Le caratteristiche delle pompe di superficie
Pompe multistadio contro pompe monostadio: una questione di prestazioni
Pompe monostadio
Le pompe monostadio possiedono solo una turbina per aspirare e mettere in pressione l'acqua. Si tratta generalmente di pompe di superficie di fascia bassa, concepite per un utilizzo domestico poco esigente in termini di prestazioni, come svuotare una piscina, annaffiare l'orto con una lancia multifunzione, ecc.Le pompe monostadio o monocellulari possono pompare soltanto acque chiare, quindi con particelle di granulometria non superiori a 0,5 mm. L'utilizzo di un filtro è indispensabile. Piuttosto rumorose, le pompe di superficie monostadio possono emettere fino a 80 decibel e sono per lo più ad avviamento manuale.
Pompe multistadio o multicellulari
Le pompe multistadio o multicellulari contano diverse turbine che, montate in successione, aumentano la capacità di aspirazione e la pressione dell'acqua.Le pompe multistadio sono più performanti, economiche, robuste e silenziose. Il corpo pompa è generalmente in alluminio pressofuso; queste pompe sono l'ideale per le colture ortive e per le necessità di portata elevate. Generalmente, queste pompe sono autoadescanti.

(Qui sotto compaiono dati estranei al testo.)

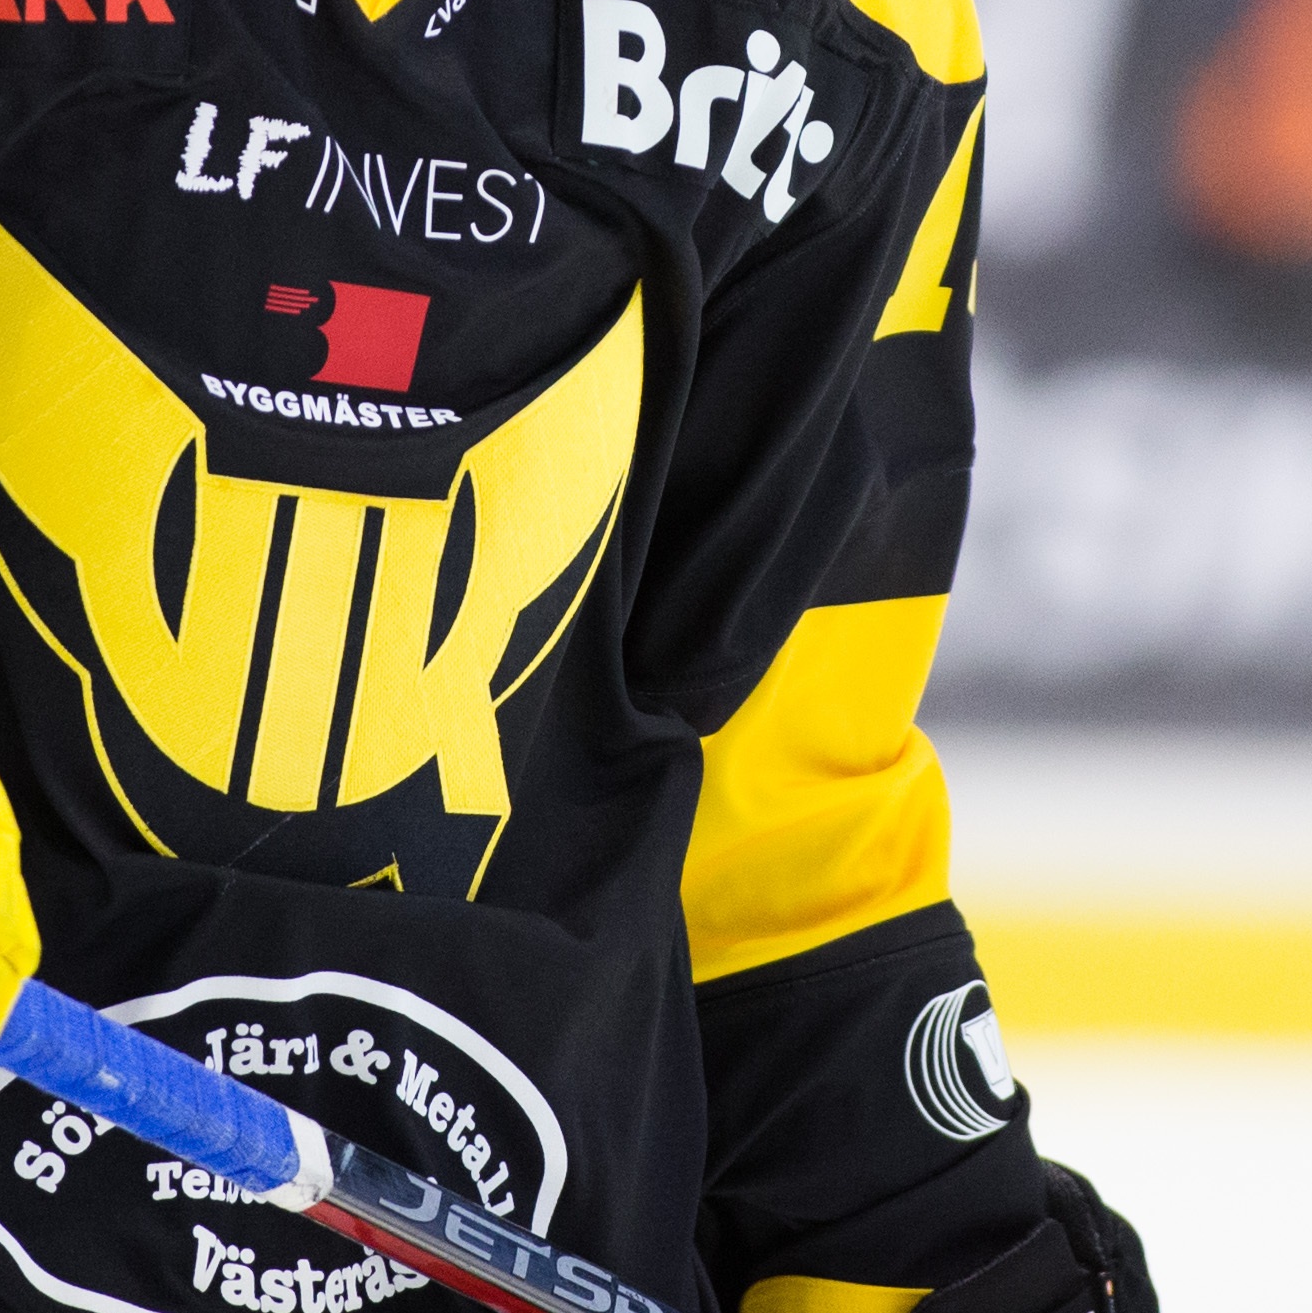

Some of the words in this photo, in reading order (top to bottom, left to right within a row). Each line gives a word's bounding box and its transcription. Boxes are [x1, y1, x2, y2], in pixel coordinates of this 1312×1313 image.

[175, 101, 311, 200] LF
[200, 372, 464, 429] BYGGMÄSTER
[329, 1029, 391, 1084] &

Le caratteristiche meccaniche: zoom sui materiali di assemblaggio
Le pompe di superficie possono essere monofase o trifase, la loro alimentazione e potenza sono relative alle esigenze di portata. I motori di questi due tipi di pompe di superficie vengono raffreddati dall'acqua che le attraversa, tuttavia, i corpi pompa sono muniti di alette che ne ottimizzano il raffreddamento. I corpi pompa sono in alluminio pressofuso e i carter sono in acciaio inox. Per un utilizzo intensivo, meglio preferire le pompe completamente in acciaio inox (albero motore e turbine). Soltanto le pompe di fascia bassa e dalle scarse prestazioni sono dotate di carter in plastica.
Innesco e dispositivo di sicurezza per mancanza d'acqua: il comfort di utilizzo
Il sistema di autoadescamento offre un elevato comfort di utilizzo rispetto all'avviamento manuale, che necessita di essere riempito d'acqua prima di ogni accensione.Il dispositivo di sicurezza blocca automaticamente la pompa di superficie in caso di mancanza d'acqua. Ciò impedisce al motore di girare a secco e di fondere.
Inquinamento acustico
Il numero di decibel può essere un fattore importante a seconda dell'ubicazione della pompa di superficie (la soglia di allarme per la salute è fissata a 85 dB).
Installazioni di sicurezza
Quanto all'alimentazione elettrica della pompa di superficie, verifica che la rete alla quale è raccordata disponga di una protezione termica. In caso contrario, se la turbina si blocca o la pompa si disinnesca, il motore rischia di fondersi.
Al fine di evitare il disinnesco imprevisto e indipendentemente dal tipo di pompa di superficie, provvedi ad attrezzare il tuo impianto con una valvola di ritegno.